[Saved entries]
========

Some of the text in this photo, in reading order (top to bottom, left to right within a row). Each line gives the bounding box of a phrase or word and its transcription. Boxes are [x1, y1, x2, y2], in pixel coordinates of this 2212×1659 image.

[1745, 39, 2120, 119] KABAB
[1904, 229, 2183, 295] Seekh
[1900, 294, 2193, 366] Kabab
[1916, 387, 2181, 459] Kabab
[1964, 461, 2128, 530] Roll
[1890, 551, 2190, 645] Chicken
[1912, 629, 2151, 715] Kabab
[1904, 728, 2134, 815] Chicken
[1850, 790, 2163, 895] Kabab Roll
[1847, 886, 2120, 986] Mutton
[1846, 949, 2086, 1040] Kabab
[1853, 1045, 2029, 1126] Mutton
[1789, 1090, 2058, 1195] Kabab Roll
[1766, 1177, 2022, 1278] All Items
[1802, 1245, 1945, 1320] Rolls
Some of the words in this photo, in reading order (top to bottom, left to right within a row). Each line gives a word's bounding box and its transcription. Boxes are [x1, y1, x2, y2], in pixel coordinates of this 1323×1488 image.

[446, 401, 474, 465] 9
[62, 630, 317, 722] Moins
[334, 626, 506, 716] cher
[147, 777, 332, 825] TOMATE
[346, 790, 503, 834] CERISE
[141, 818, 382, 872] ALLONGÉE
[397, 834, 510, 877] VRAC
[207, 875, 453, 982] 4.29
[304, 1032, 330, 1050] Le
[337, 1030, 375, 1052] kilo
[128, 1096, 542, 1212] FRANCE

========

Each record above has to be set down again, word for word.

Some of the text in this photo, in reading order (top to bottom, left to right within a row). Each line gives the bounding box of a phrase or word and its transcription. Boxes are [x1, y1, x2, y2], in pixel coordinates of this 2212×1659 image.

[1745, 39, 2120, 119] KABAB
[1904, 229, 2183, 295] Seekh
[1900, 294, 2193, 366] Kabab
[1916, 387, 2181, 459] Kabab
[1964, 461, 2128, 530] Roll
[1890, 551, 2190, 645] Chicken
[1912, 629, 2151, 715] Kabab
[1904, 728, 2134, 815] Chicken
[1850, 790, 2163, 895] Kabab Roll
[1847, 886, 2120, 986] Mutton
[1846, 949, 2086, 1040] Kabab
[1853, 1045, 2029, 1126] Mutton
[1789, 1090, 2058, 1195] Kabab Roll
[1766, 1177, 2022, 1278] All Items
[1802, 1245, 1945, 1320] Rolls
Some of the words in this photo, in reading order (top to bottom, left to right within a row). Each line gives a word's bounding box and its transcription. Boxes are [x1, y1, x2, y2], in pixel coordinates of this 1323×1488 image.

[446, 401, 474, 465] 9
[62, 630, 317, 722] Moins
[334, 626, 506, 716] cher
[147, 777, 332, 825] TOMATE
[346, 790, 503, 834] CERISE
[141, 818, 382, 872] ALLONGÉE
[397, 834, 510, 877] VRAC
[207, 875, 453, 982] 4.29
[304, 1032, 330, 1050] Le
[337, 1030, 375, 1052] kilo
[128, 1096, 542, 1212] FRANCE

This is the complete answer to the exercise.